● **Work required**
What you return should match the data below exactly, with no pictures in it.

(Collected data entries)
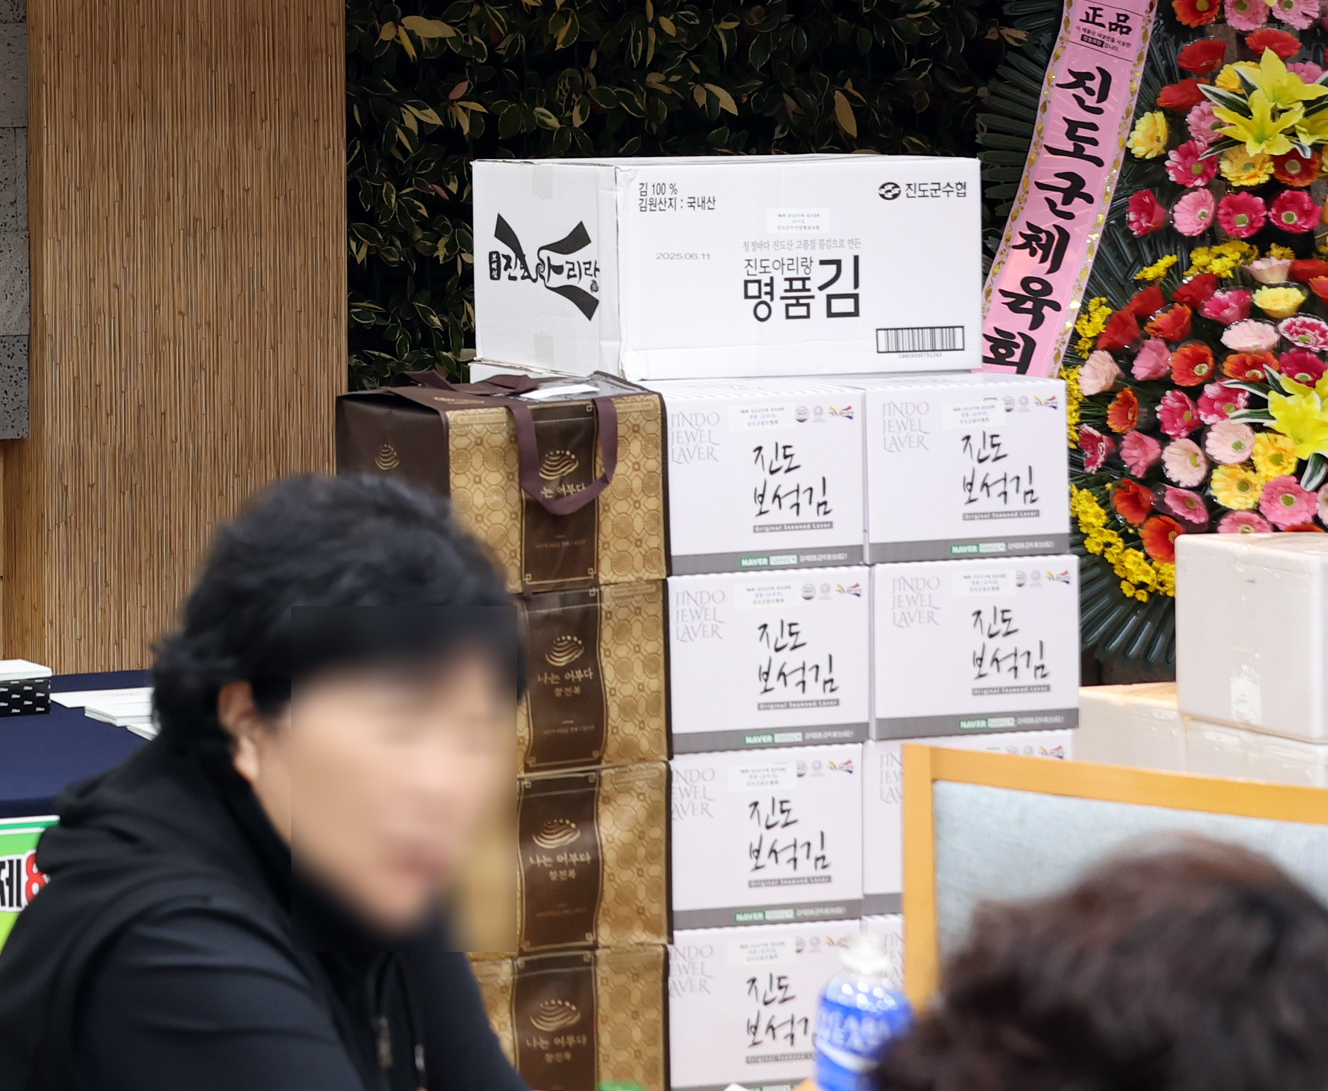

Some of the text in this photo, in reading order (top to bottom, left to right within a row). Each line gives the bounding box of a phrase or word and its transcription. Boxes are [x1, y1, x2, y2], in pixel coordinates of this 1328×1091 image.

[1079, 6, 1133, 36] 正品
[638, 182, 648, 197] 김
[652, 182, 666, 196] 100
[905, 181, 967, 199] 진도군수협
[638, 197, 677, 212] 김원산지
[687, 196, 716, 211] 국내산
[983, 65, 1114, 376] 진도군체육회
[744, 256, 814, 277] 진도아리랑
[881, 400, 930, 419] JINDO
[669, 411, 720, 430] JINDO
[882, 417, 931, 435] JEWEL
[670, 428, 721, 446] JEWEL
[883, 433, 930, 453] LAVER
[961, 430, 1008, 464] 진도
[671, 445, 719, 464] LAVER
[752, 441, 801, 475] 진도
[962, 465, 1039, 505] 보석김
[753, 475, 833, 517] 보석김
[952, 545, 978, 554] NAVER
[741, 557, 769, 567] NAVER
[891, 576, 940, 594] JINDO
[674, 589, 725, 608] JINDO
[892, 592, 941, 610] JEWEL
[675, 606, 726, 624] JEWEL
[893, 608, 940, 628] LAVER
[971, 605, 1019, 639] 진도
[675, 622, 724, 642] LAVER
[757, 619, 807, 653] 진도
[972, 639, 1050, 680] 보석김
[758, 653, 839, 695] 보석김
[960, 720, 987, 729] NAVER
[745, 735, 773, 744] NAVER
[748, 796, 799, 830] 진도
[749, 830, 831, 872] 보석김
[746, 972, 796, 1006] 진도

● **Solution for this task**
Some of the text in this photo, in reading order (top to bottom, left to right within a row). Each line gives the bounding box of a phrase or word and its transcription. Boxes are [x1, y1, x2, y2], in pixel coordinates of this 1328×1091 image.

[1079, 6, 1133, 36] 正品
[638, 182, 648, 197] 김
[652, 182, 666, 196] 100
[905, 181, 967, 199] 진도군수협
[638, 197, 677, 212] 김원산지
[687, 196, 716, 211] 국내산
[983, 65, 1114, 376] 진도군체육회
[744, 256, 814, 277] 진도아리랑
[881, 400, 930, 419] JINDO
[669, 411, 720, 430] JINDO
[882, 417, 931, 435] JEWEL
[670, 428, 721, 446] JEWEL
[883, 433, 930, 453] LAVER
[961, 430, 1008, 464] 진도
[671, 445, 719, 464] LAVER
[752, 441, 801, 475] 진도
[962, 465, 1039, 505] 보석김
[753, 475, 833, 517] 보석김
[952, 545, 978, 554] NAVER
[741, 557, 769, 567] NAVER
[891, 576, 940, 594] JINDO
[674, 589, 725, 608] JINDO
[892, 592, 941, 610] JEWEL
[675, 606, 726, 624] JEWEL
[893, 608, 940, 628] LAVER
[971, 605, 1019, 639] 진도
[675, 622, 724, 642] LAVER
[757, 619, 807, 653] 진도
[972, 639, 1050, 680] 보석김
[758, 653, 839, 695] 보석김
[960, 720, 987, 729] NAVER
[745, 735, 773, 744] NAVER
[748, 796, 799, 830] 진도
[749, 830, 831, 872] 보석김
[746, 972, 796, 1006] 진도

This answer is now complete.